These technologies require inline manufacturing methods in order to ramp up production volumes and drive down local energy production and storage costs, according to the company.

Rofin-Baasel lasers already provide the cutting, drilling and welding functions necessary for the manufacture of consumer products such as mobile phones, MP3 players, batteries and food packaging.

Almost 30 years ago, Rofin subsidiary Baasel Lasertech developed high-speed perforation technology to allow cigarette manufacturers to produce lower-tar cigarettes.

The concept is that, if sufficient perforations of the right size are made around the cigarette filter paper, smokers draw in some cooler air along with the tar-laden air that they inhale from the cigarette.
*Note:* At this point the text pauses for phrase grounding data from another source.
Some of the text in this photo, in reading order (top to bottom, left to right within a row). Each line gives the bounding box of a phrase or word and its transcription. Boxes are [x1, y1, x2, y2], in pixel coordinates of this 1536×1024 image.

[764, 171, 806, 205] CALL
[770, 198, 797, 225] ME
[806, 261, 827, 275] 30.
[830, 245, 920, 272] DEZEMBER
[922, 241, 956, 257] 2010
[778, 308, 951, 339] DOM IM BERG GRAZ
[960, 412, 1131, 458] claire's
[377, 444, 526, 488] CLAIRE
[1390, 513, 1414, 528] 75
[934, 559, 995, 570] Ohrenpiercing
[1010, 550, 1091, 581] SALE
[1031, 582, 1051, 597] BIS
This stream of cooler air encourages more of the tar vapour to be condensed inside the filter, which increases the filter’s efficiency and therefore reduces the harm that such cigarettes inflict on the smoker.

From a technical point of view, Baasel’s solution was to perforate the filter paper when it was on reels several tip lengths wide and prior to slitting.
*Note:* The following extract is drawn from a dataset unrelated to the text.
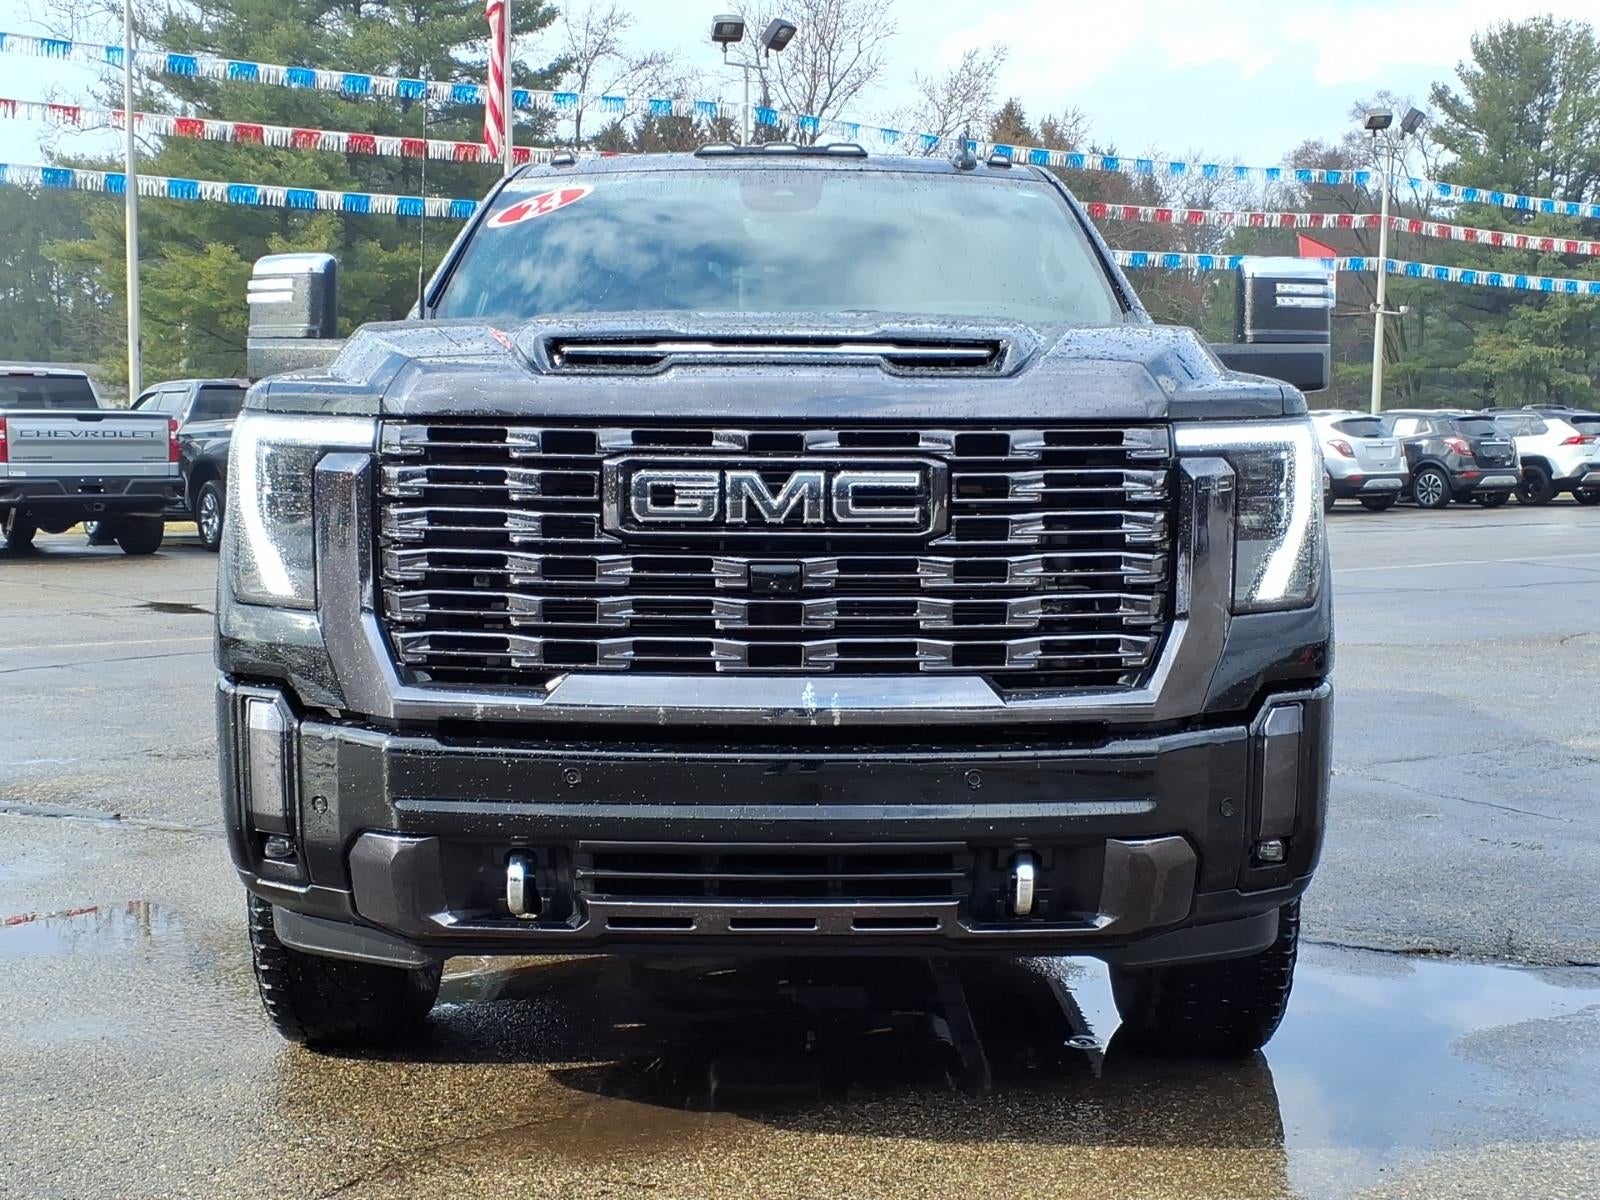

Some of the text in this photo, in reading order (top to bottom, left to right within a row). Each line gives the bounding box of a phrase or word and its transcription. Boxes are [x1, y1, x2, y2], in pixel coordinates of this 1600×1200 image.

This technology has been developed and is still in operation today at sites throughout the world.

The density of holes required and the speed of paper on the web means that modern cigarette perforators are capable of operating at 500,000 holes per second.

About a decade ago, pre-packaged salad suppliers realised that if salad bags could be perforated with the right-size holes (around 70um), they can breathe without drying out – more precisely, CO2, which reduces the shelf life of cut salad, can escape, whereas water vapour cannot.

More recently, packaging companies have solved the ‘peanuts in the lap’ problem with lasers; polymer/foil packaging can be scribed to weaken the wrapper along a prescribed line without breaching to the inner foil layer.

Designs incorporating laser ‘easy open’ are becoming widespread, as are laser-produced steam vents in microwave meal packs and weakened regions in pill blister packs and drinks-carton push-throughs for drinking straws.

As with cigarettes, the obvious way to process these packaging materials is when the polymer is in a pre-printed web form, prior to being formed into a bag or a wrapper.

Such an inline laser system then has to recognise a suitably printed trigger while feeding back the real-time speed of the web.

In this way, the laser can do its job at very high speed and without slowing or stopping the line.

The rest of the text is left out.